The time-resolved luminescence bioassay technique using luminescent lanthanide complexes as labels is a highly sensitive and widely used bioassay method for clinical diagnostics and biotechnology. A major drawback of the current technique is that the luminescent lanthanide labels require UV excitation (typically less than 360 nm), which can damage living biological systems and is holding back further development of time-resolved luminescence instruments. Herein we describe two approaches for preparing a visible-light-sensitized Eu(3+) complex in aqueous media for time-resolved fluorometric applications: a dissociation enhancement aqueous solution that can be excited by visible light for ethylenediaminetetraacetate (EDTA)-Eu(3+) detection and a visible-light-sensitized water-soluble Eu(3+) complex conjugated bovine serum albumin (BSA) for biolabeling and time-resolved luminescence bioimaging.
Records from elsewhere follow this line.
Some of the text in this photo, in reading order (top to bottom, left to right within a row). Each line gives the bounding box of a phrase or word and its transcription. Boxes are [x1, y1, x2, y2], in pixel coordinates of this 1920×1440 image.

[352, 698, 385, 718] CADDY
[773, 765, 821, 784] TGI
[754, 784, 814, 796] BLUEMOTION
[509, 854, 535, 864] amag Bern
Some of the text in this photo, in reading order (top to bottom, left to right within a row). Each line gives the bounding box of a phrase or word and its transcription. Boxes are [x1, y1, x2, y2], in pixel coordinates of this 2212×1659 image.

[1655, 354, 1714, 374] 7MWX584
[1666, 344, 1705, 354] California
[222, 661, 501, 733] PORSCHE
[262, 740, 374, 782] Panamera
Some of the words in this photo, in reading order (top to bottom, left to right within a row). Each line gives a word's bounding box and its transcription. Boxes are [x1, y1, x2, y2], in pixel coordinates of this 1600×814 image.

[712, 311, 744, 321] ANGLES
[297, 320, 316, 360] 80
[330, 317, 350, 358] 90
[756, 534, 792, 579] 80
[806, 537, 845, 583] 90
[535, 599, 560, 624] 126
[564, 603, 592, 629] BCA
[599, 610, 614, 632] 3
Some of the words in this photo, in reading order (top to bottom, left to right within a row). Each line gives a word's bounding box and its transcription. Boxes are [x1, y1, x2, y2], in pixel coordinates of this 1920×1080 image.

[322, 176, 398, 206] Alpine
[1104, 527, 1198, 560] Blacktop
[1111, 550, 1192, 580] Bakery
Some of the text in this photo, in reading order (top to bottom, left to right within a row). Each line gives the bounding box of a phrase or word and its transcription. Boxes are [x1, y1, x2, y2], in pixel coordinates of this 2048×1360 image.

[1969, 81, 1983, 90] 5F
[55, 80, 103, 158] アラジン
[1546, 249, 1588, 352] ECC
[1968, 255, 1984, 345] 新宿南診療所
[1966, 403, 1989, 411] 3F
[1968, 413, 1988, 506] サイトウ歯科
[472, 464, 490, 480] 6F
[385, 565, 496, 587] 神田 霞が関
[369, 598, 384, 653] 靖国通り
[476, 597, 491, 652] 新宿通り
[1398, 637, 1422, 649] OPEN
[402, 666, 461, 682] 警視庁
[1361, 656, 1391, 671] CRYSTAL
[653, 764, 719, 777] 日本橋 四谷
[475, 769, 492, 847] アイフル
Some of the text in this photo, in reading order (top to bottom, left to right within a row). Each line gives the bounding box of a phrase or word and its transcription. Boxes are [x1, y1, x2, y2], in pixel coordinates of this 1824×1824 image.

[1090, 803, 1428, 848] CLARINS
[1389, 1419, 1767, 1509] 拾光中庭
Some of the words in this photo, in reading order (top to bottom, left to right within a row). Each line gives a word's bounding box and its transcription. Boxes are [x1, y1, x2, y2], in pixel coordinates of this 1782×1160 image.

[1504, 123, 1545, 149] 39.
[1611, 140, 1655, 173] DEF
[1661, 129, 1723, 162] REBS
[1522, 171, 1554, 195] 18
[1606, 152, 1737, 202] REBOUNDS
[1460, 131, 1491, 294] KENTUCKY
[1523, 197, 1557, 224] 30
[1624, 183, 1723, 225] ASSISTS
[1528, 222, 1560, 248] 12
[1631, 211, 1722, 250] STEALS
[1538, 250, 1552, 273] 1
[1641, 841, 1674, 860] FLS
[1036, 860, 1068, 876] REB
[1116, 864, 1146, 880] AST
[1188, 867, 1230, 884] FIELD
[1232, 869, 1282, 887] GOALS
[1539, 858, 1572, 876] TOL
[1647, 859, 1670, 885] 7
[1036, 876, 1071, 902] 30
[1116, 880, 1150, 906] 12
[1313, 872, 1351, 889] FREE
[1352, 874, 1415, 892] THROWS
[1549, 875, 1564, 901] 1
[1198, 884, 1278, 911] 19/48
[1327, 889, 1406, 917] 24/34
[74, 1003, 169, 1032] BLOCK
In the first approach, a weakly acidic aqueous solution consisting of 4,4'-bis(1'',1'',1'',2'',2'',3'',3''-heptafluoro-4'',6''-hexanedion-6''-yl)-o-terphenyl (BHHT), 2-(N,N-diethylanilin-4-yl)-4,6-bis(3,5-dimethylpyrazol-1-yl)-1,3,5-triazine (DPBT), and Triton X-100 was prepared. This solution shows a strong luminescence enhancement effect for EDTA-Eu(3+) with a wide excitation wavelength range from UV to visible light (a maximum at 387 nm) and a long luminescence lifetime (520 micros), to provide a novel dissociation enhancement solution for time-resolved luminescence detection of EDTA-Eu(3+). In the second approach, a ternary Eu(3+) complex, 4,4'-bis(1'',1'',1'',2'',2'',3'',3''-heptafluoro-4'',6''-hexanedion-6''-yl)-chlorosulfo-o-terphenyl (BHHCT)-Eu(3+)-DPBT, was covalently bound to BSA to form a water-soluble BSA-BHHCT-Eu(3+)-DPBT conjugate. This biocompatible conjugate is of the visible-light excitable feature in aqueous media with a wide excitation wavelength range from UV to visible light (a maximum at 387 nm), a long luminescence lifetime (460 micros), and a higher quantum yield (27%). The conjugate was successfully used for streptavidin (SA) labeling and time-resolved luminescence imaging detection of three environmental pathogens, Giardia lamblia , Cryptosporidium muris , and Cryptosporidium parvum , in water samples. Our strategy gives a general idea for designing a visible-light-sensitized Eu(3+) complex for time-resolved luminescence bioassay applications.
基于镧系元素配合物的时间分辨荧光生物分析技术是一种高灵敏度、广泛应用于临床诊断和生物技术的生物分析方法。目前该技术的主要缺点是镧系元素标记物需要紫外光激发(通常小于 360nm),这会对活的生物系统造成损害,阻碍了时间分辨荧光仪器的进一步发展。在此,我们描述了两种在水相介质中制备可见光敏化 Eu(3+)配合物用于时间分辨荧光应用的方法:一种是可以用可见光激发的用于乙二胺四乙酸(EDTA)-Eu(3+)检测的解离增强水溶液,另一种是用于生物标记和时间分辨荧光生物成像的水溶性可见光敏化 Eu(3+)配合物连接牛血清白蛋白(BSA)。在第一种方法中,制备了一种弱酸性水溶液,其中包含 4,4'-双(1'',1'',1'',2'',2'',3'',3''-七氟-4'',6''-己二酮-6''-基)-o-三联苯(BHHT)、2-(N,N-二乙基苯胺-4-基)-4,6-双(3,5-二甲基吡唑-1-基)-1,3,5-三嗪(DPBT)和 Triton X-100。该溶液对 EDTA-Eu(3+)具有很强的荧光增强效应,激发波长范围从紫外光到可见光(最大在 387nm),荧光寿命长(520 micros),为 EDTA-Eu(3+)的时间分辨荧光检测提供了一种新型的解离增强溶液。在第二种方法中,将三元 Eu(3+)配合物,4,4'-双(1'',1'',1'',2'',2'',3'',3''-七氟-4'',6''-己二酮-6''-基)-氯磺基-o-三联苯(BHHCT)-Eu(3+)-DPBT,共价结合到 BSA 上形成水溶性 BSA-BHHCT-Eu(3+)-DPBT 缀合物。这种生物相容性缀合物在水相中具有可见光激发的特征,激发波长范围从紫外光到可见光(最大在 387nm),荧光寿命长(460 micros),量子产率高(27%)。该缀合物成功地用于标记链霉亲和素(SA)和时间分辨荧光成像检测三种环境病原体,即蓝氏贾第鞭毛虫、鼠隐孢子虫和微小隐孢子虫,在水样中的检测。我们的策略为设计用于时间分辨荧光生物分析应用的可见光敏化 Eu(3+)配合物提供了一个通用思路。